Stored data entries:
---*---

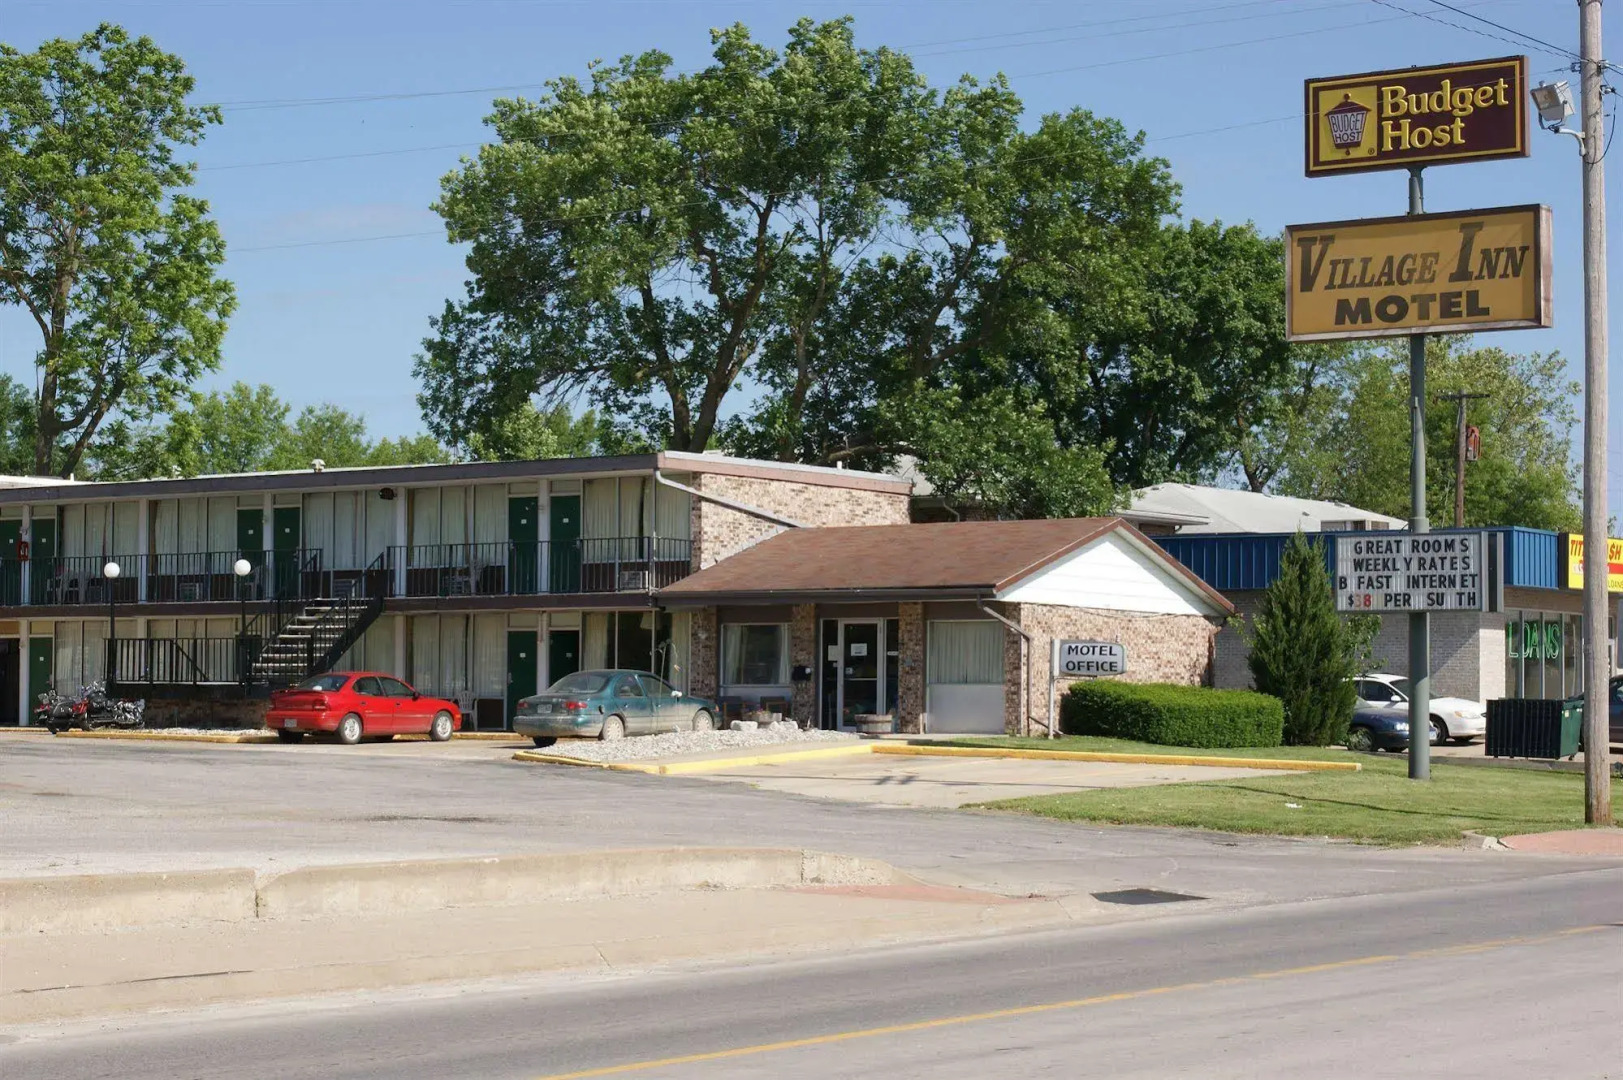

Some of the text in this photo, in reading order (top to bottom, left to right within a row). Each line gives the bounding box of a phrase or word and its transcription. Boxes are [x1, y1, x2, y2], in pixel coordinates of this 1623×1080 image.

[1382, 78, 1508, 118] Budget
[1331, 112, 1365, 132] BUDGET
[1334, 131, 1362, 142] HOST
[1382, 118, 1466, 152] Host
[1296, 221, 1530, 293] VILLAGE INN
[1334, 290, 1490, 326] MOTEL
[1354, 538, 1468, 555] GREAT ROOMS
[1353, 556, 1470, 572] WEEKLY RATES
[1406, 574, 1478, 589] INTERNET
[1384, 593, 1412, 608] PER
[1427, 592, 1444, 607] SU
[1456, 592, 1476, 606] TH
[1508, 621, 1560, 659] LOANS
[1068, 645, 1117, 656] MOTEL
[1066, 660, 1118, 672] OFFICE

---*---

Retype each line above exactly. Leave the images out.

Some of the text in this photo, in reading order (top to bottom, left to right within a row). Each line gives the bounding box of a phrase or word and its transcription. Boxes are [x1, y1, x2, y2], in pixel coordinates of this 1623×1080 image.

[1382, 78, 1508, 118] Budget
[1331, 112, 1365, 132] BUDGET
[1334, 131, 1362, 142] HOST
[1382, 118, 1466, 152] Host
[1296, 221, 1530, 293] VILLAGE INN
[1334, 290, 1490, 326] MOTEL
[1354, 538, 1468, 555] GREAT ROOMS
[1353, 556, 1470, 572] WEEKLY RATES
[1406, 574, 1478, 589] INTERNET
[1384, 593, 1412, 608] PER
[1427, 592, 1444, 607] SU
[1456, 592, 1476, 606] TH
[1508, 621, 1560, 659] LOANS
[1068, 645, 1117, 656] MOTEL
[1066, 660, 1118, 672] OFFICE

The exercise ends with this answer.